The C37 alkenone with two double bonds

As alkenones are produced by a restricted number of species, laboratory cultures can be readily conducted and have provided insights on isotopic fractionation mechanisms, such as cell size, growth rate, and membrane permeability (e.g. Bidigare et al., 1997; Wilkes et al., 2018).


General algal biomarkers (e.g. phytane)

An (old) schematic showing chlorophyll-a and its diagenetic products (e.g. pristane/phytane)..

An (old) schematic showing chlorophyll-a and its diagenetic products (e.g. pristane/phytane)..

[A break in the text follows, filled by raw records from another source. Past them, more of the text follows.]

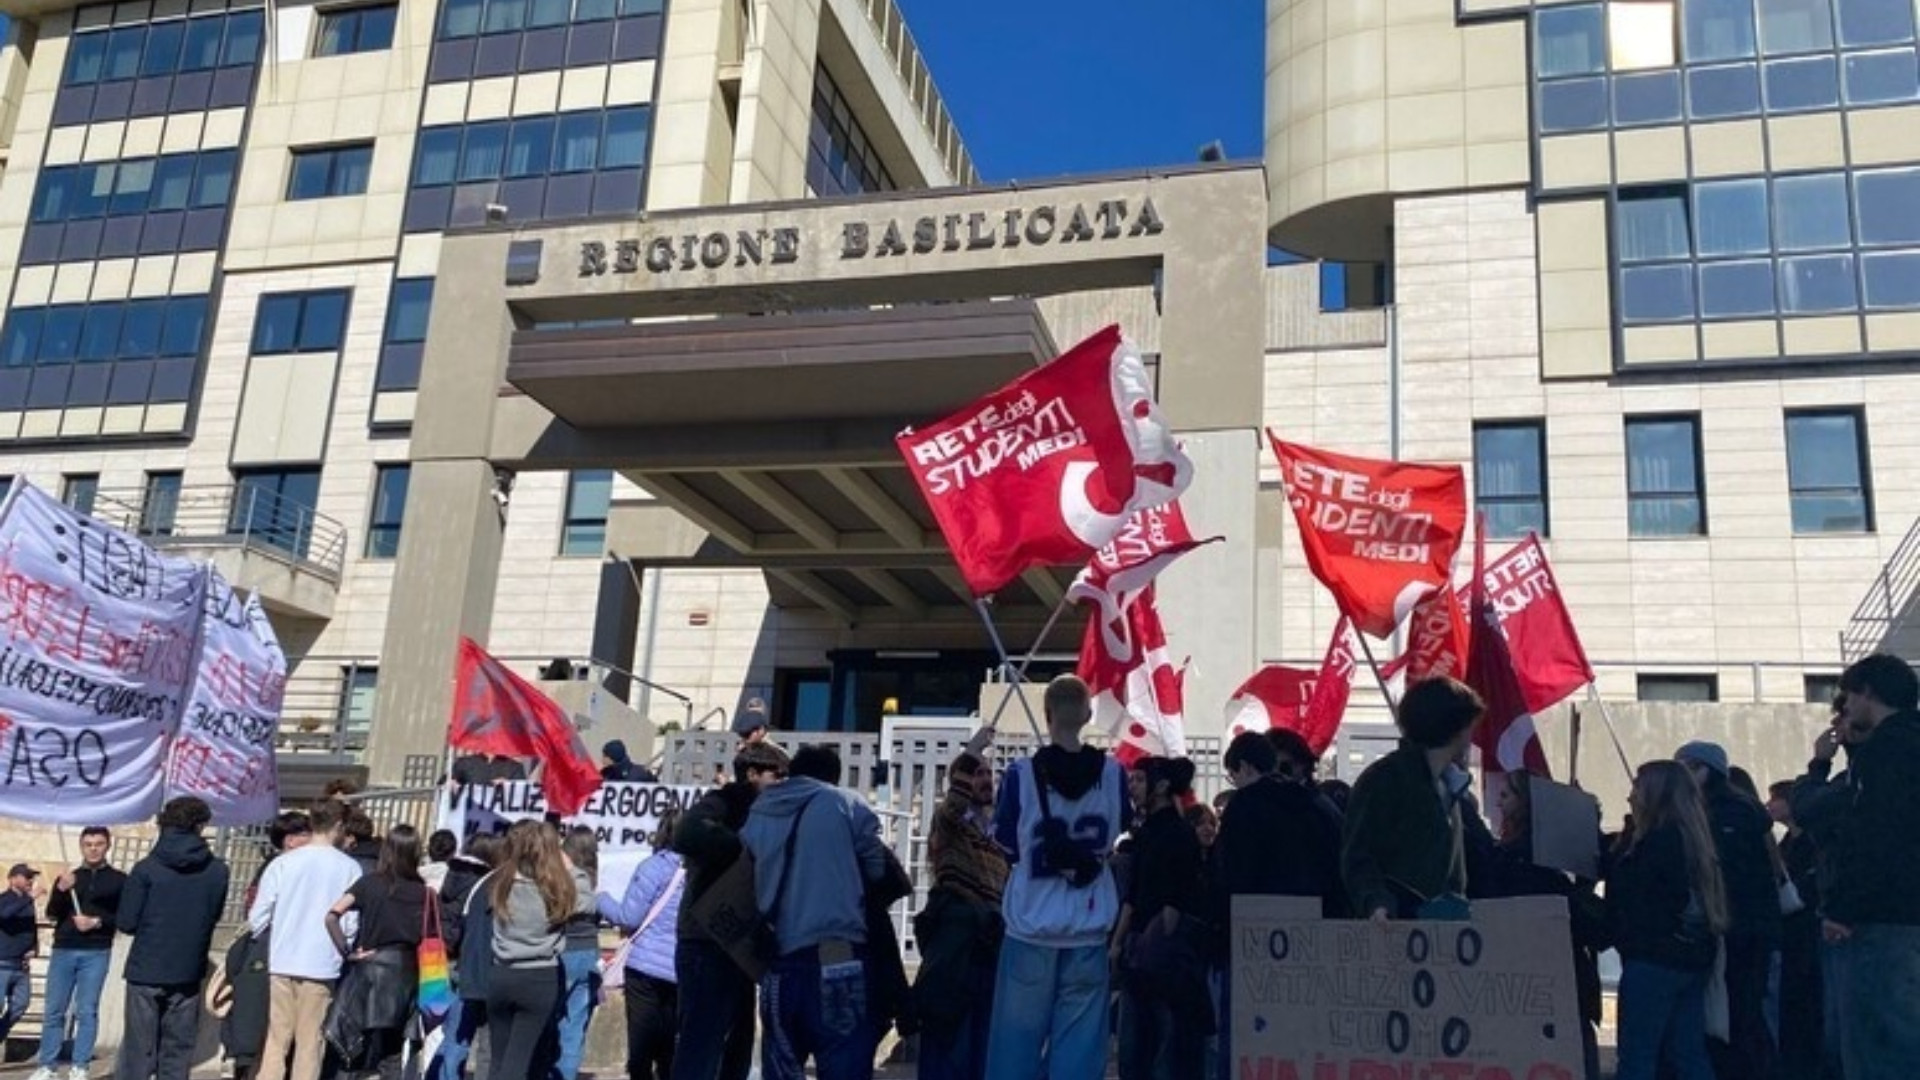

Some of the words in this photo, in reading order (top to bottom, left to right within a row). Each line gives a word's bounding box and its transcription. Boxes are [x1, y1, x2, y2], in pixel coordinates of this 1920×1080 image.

[579, 227, 799, 277] REGIONE
[840, 196, 1164, 260] BASILICATA
[912, 404, 999, 465] RETE
[925, 396, 1075, 495] STUDENTI
[1016, 426, 1087, 471] MEDI
[1286, 459, 1370, 502] ETE
[1352, 540, 1430, 565] MEDI
[1242, 926, 1320, 961] NON
[1388, 923, 1482, 966] SOLO

General algal biomarkers, compounds representative of the overall phytoplankton community, have also been applied. Although less source-specific, this gives the additional benefits of ubiquitous spatial and temporal presence throughout the geologic record. For example, chlorophyll-a (the pigment essential for photosynthesis) is universally found in sediments and oils, and its diagenetic products have been used to reconstruct CO2 using both its porphyrin head (e.g. Popp et al., 1989; Freeman and Hayes, 1992) and the diagenetic product of its sidechain phytane.

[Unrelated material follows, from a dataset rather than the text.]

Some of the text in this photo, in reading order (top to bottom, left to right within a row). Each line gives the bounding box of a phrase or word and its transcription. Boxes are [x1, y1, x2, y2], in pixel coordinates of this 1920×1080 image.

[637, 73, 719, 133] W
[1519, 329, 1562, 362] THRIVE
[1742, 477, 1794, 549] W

Due to the ubiquity and longevity of chlorophyll-a products, phytane has been particularly helpful in clarifying periods such as the Cretaceous (Bice et al., 2006; Sinninghe Damsté et al., 2008; Naafs et al., 2016). Phytane-based estimations of CO2 span 455 million years (Witkowski et al., 2018), the oldest CO2-proxy record to date.


Potential Complications

There are a number of critical assumptions to calculate CO2 from carbon isotopic composition of algal organic matter:

 
 
  • Some organisms actively uptake CO2 via carbon-concentrating mechanisms, especially when CO2 is limited. The above model assumes CO2 is acquired exclusively through diffusion. A glacial-interglacial study suggests that there may be a lower limit to CO2 reconstructions of ca. 250 ppm due to this upregulation (Badger et al., 2019; Stoll et al. 2019).
  • Accurate temperature reconstructions are required. Alkenones can also be used to estimate temperature via the Uk 37 proxy (Marlowe et al., 1984; Brassell et al., 1986).
  • Algal growth rate needs to be assumed to be stable or reconstructed. Typically low growth rate (e.g. oligotrophic) ocean sites are chosen where growth rates ought to be stable and low (e.g. Pagani et al. 1999; Badger et al. 2013).
  • Cell geometry can affect the diffusion of CO2 across the cell membrane (Popp et al. 1998). Alkenone-producers are generally small and close to spherical but can change in cell size (e.g. Henderiks & Pagani 2007) so coccoliths have now been used to better estimate this (e.g. Zhang et al., 2019) General biomarkers presumably average the community (Witkowski et al., 2019) but require further investigation.